Of the scene in the King’s rooms that night, Miss Burney had only a momentary glimpse. Being sent on some commission for the Queen, “When I gently opened,” she writes, “the door of the apartment to which I was directed, I found it quite filled with gentlemen and attendants, arranged round it on chairs and sofas, in dead silence. It was a dreadful start with which I retreated; for anything more alarming and shocking could not be conceived—the poor King within another door, unconscious anyone was near him, and thus watched, by dread necessity, at such an hour of the night!” How the hours passed she heard the next day.

7TH.—While I was yet with my poor royal sufferer this morning the Prince of Wales came hastily into the room. He apologized for his intrusion, and then gave a very energetic history of the preceding night. It had been indeed most affectingly dreadful! The King had risen in the middle of the night, and would take no denial to walking into the next room. There he saw the large congress I have mentioned: amazed and in consternation, he demanded what they did there? Much followed that I have heard since, particularly the warmest eloge on his dear son Frederick, his favourite, his friend. ‘Yes,’ he cried, ‘Frederick is my friend!’—and this son was then present amongst the rest, but not seen!

“Sir George Baker was there, and was privately exhorted by the gentlemen to lead the King back to his room; but he had not courage: he attempted only to speak, and the King penned him in a corner, told him he was a mere old woman—that he wondered he had ever followed his advice, for he knew nothing of his complaint, which was only nervous!

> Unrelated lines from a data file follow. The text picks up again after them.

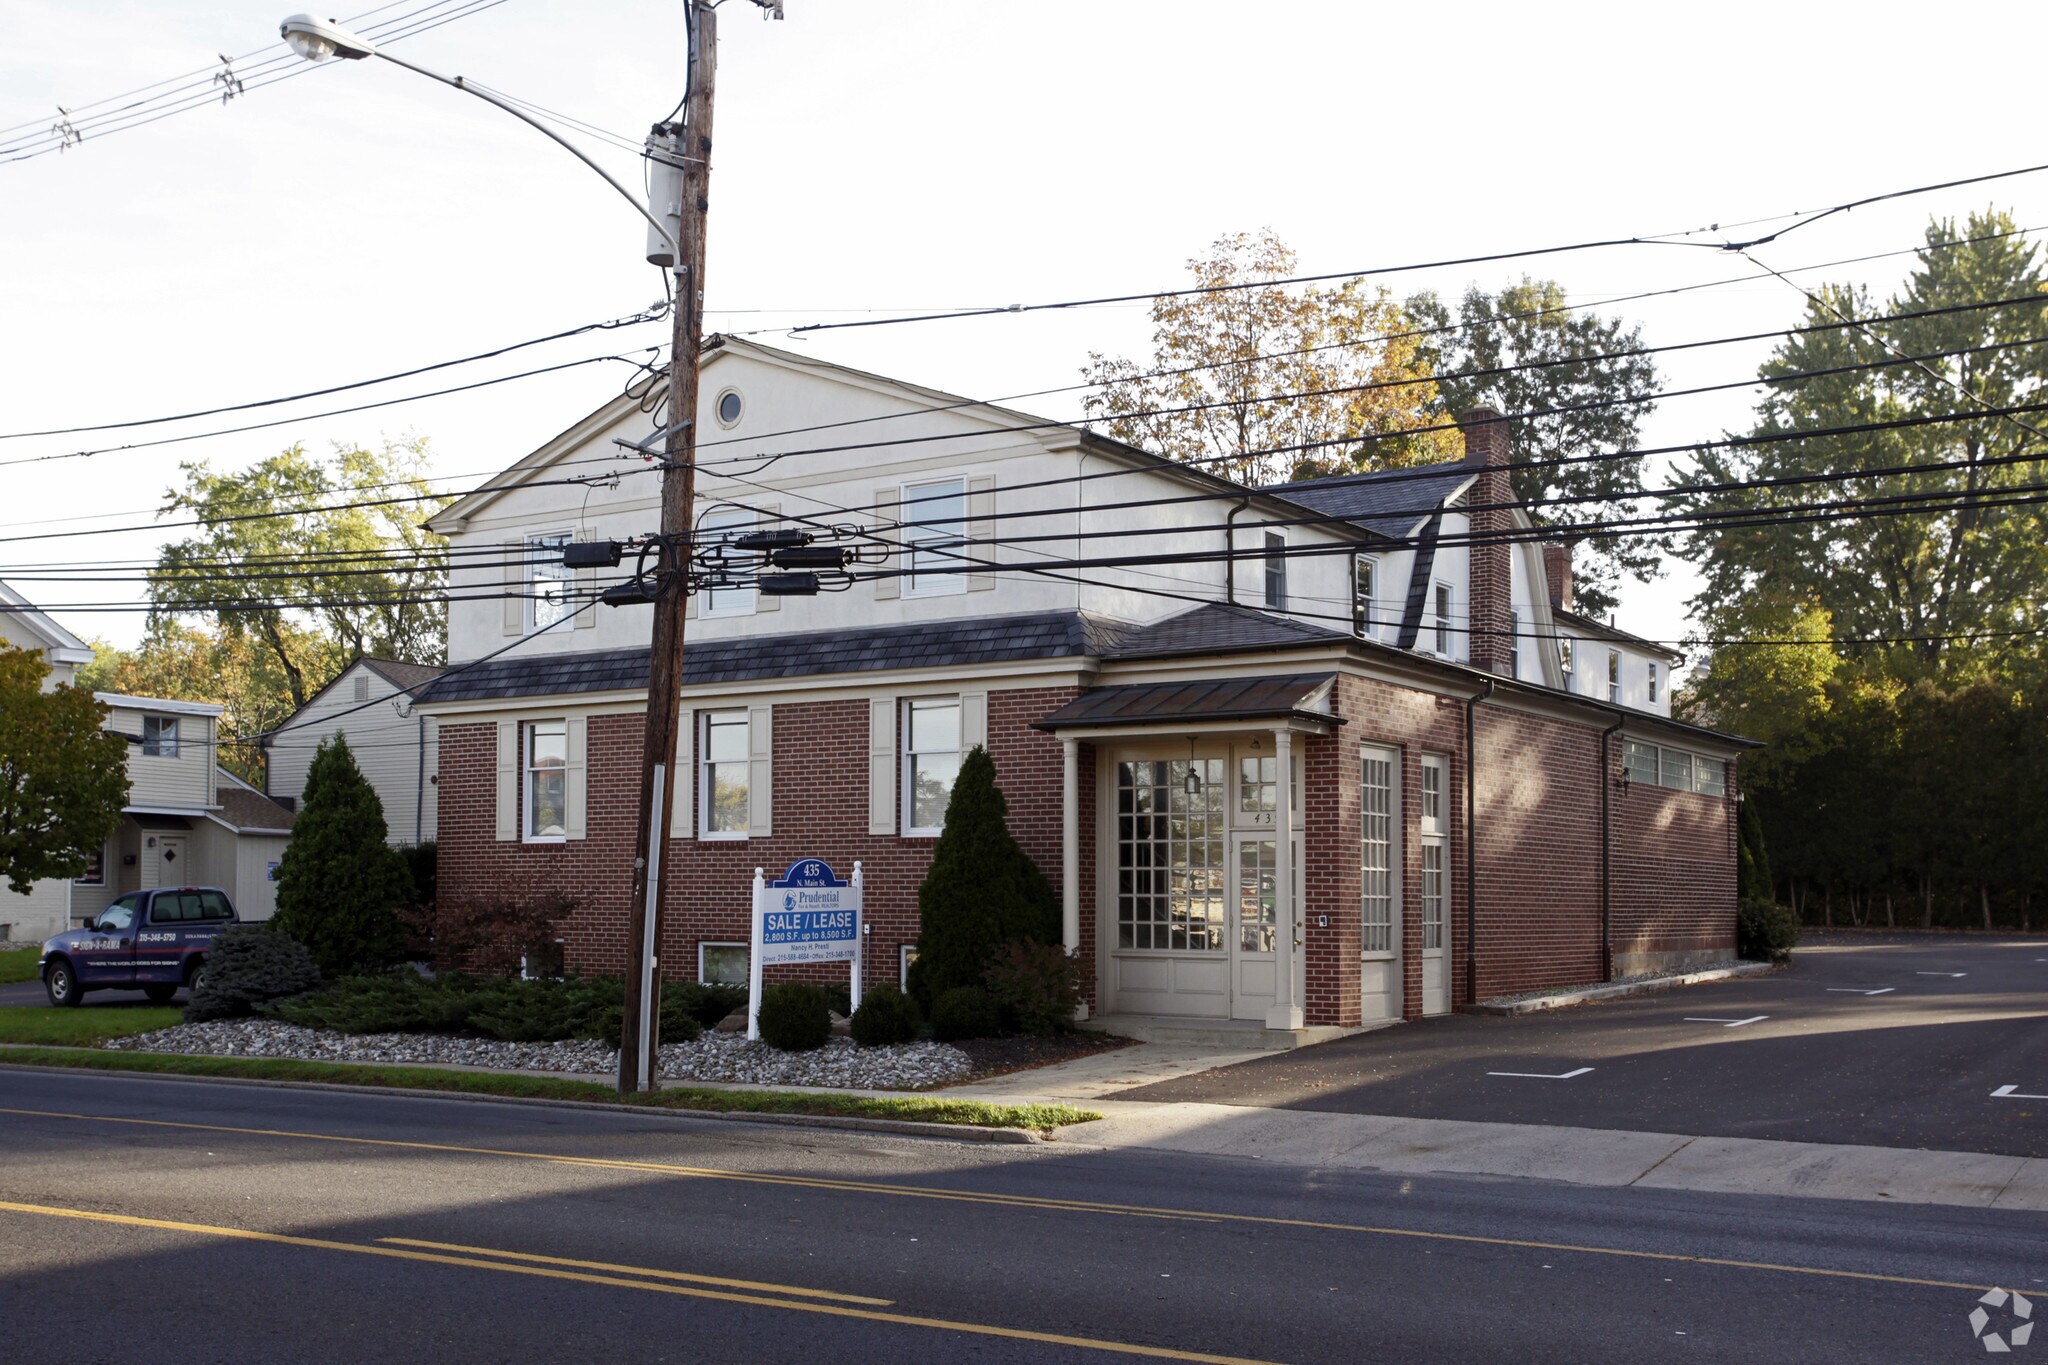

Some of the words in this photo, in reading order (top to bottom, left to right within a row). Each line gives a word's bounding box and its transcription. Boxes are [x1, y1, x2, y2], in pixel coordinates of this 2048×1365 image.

[1254, 813, 1276, 824] 43
[804, 864, 820, 877] 435
[804, 879, 818, 887] Main
[799, 890, 839, 903] Prudential
[768, 914, 801, 931] SALE
[804, 913, 810, 929] /
[813, 912, 852, 929] LEASE
[139, 933, 176, 942] 215-348-5750
[764, 932, 785, 943] 2,800
[786, 931, 800, 941] S.F.
[801, 933, 810, 942] up
[812, 932, 819, 940] to
[821, 930, 839, 941] 8,500
[841, 929, 855, 938] S.F.
[790, 944, 807, 952] Nancy

“The Prince of Wales, by signs and whispers, would have urged others to have drawn him away, but no one dared approach him, and he remained there a considerable time, ‘Nor do I know when he would have been got back,’ continued the Prince, ‘if at last Mr. Digby[94] had not undertaken him. I am extremely obliged to Mr. Digby indeed.’indeed.’ He came boldly up to him, and took him by the arm, and begged him to go to bed, and then drew him along, and said he must go. Then he said he would not, and cried, ‘Who are you?’ ‘I am Mr. Digby, sir,’ he answered, ‘and your Majesty has been very good to me often, and now I am going to be very good to you, for you must come to bed, sir: it is necessary to your life. And then he was so surprised that he let himself be drawn along just like a child; and so they got him to bed. I believe else he would have stayed all night!’”

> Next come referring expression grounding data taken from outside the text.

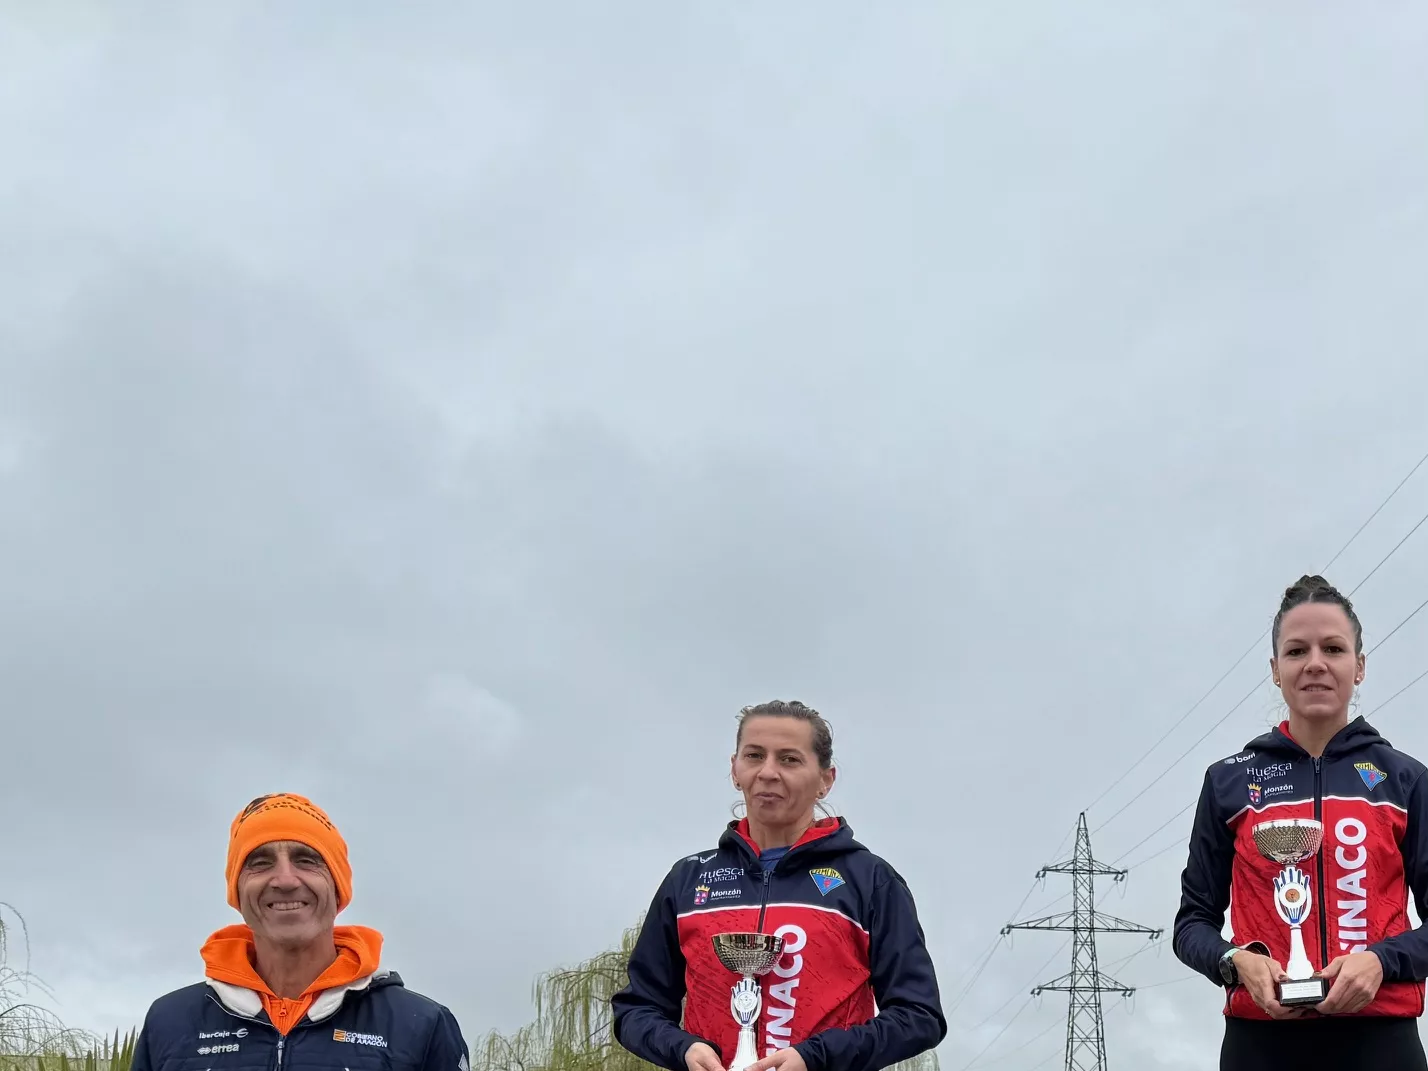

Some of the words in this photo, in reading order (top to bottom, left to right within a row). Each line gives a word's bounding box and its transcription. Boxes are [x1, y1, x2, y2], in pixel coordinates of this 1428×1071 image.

[1246, 762, 1293, 777] Huesca
[1264, 784, 1294, 796] Monzón
[699, 867, 744, 880] Huesca
[711, 889, 742, 898] Monzón
[211, 1043, 240, 1054] errea

On the following morning, an incident occurred which showed the revolution that had taken place in the palace. Mr. Smelt had travelled post from York on hearing of the King’s illness, but had not yet been able to see either him or the Queen. Accidentally meeting with the Prince of Wales, he was received by his old pupil with much apparent kindness of manner, and invited to remain at Windsor till he could be admitted to the Queen’s presence. Not small, then, was his surprise when, on returning shortly afterwards to the Upper Lodge, the porter handed him his great-coat, saying that he had express orders from the Prince to refuse him re-admission.[95] ‘From this time,’ continues Miss Burney, ‘as the poor King grew worse, general hope seemed universally to abate; and the Prince of Wales now took the government of the house into his own hands. Nothing was done but by his orders, and he was applied to in every difficulty. The Queen interfered not in anything; she lived entirely in her two new rooms, and spent the whole day in patient sorrow and retirement with her daughters.’

The next news which reached the suite was that the Prince had issued commands to the porter to admit only four persons into the house on any pretence whatever; and these were ordered to repair immediately to the equerry-room below stairs, while no one whatsoever was to be allowed to go to any other apartment. ‘From this time,’ adds the Diary, ‘commenced a total banishment from all intercourse out of the house, and an unremitting confinement within its walls.’ The situation was rendered even more intolerable by the sudden return of Mrs. Schwellenberg from Weymouth. On the 10th, Miss Burney writes: ‘This was a most dismal day. The dear and most suffering King was extremely ill, the Queen very wretched, poor Mrs. Schwellenberg all spasm and horror, Miss Planta all restlessness, the house all mystery, and my only informant and comforter [Colonel Digby] distanced.’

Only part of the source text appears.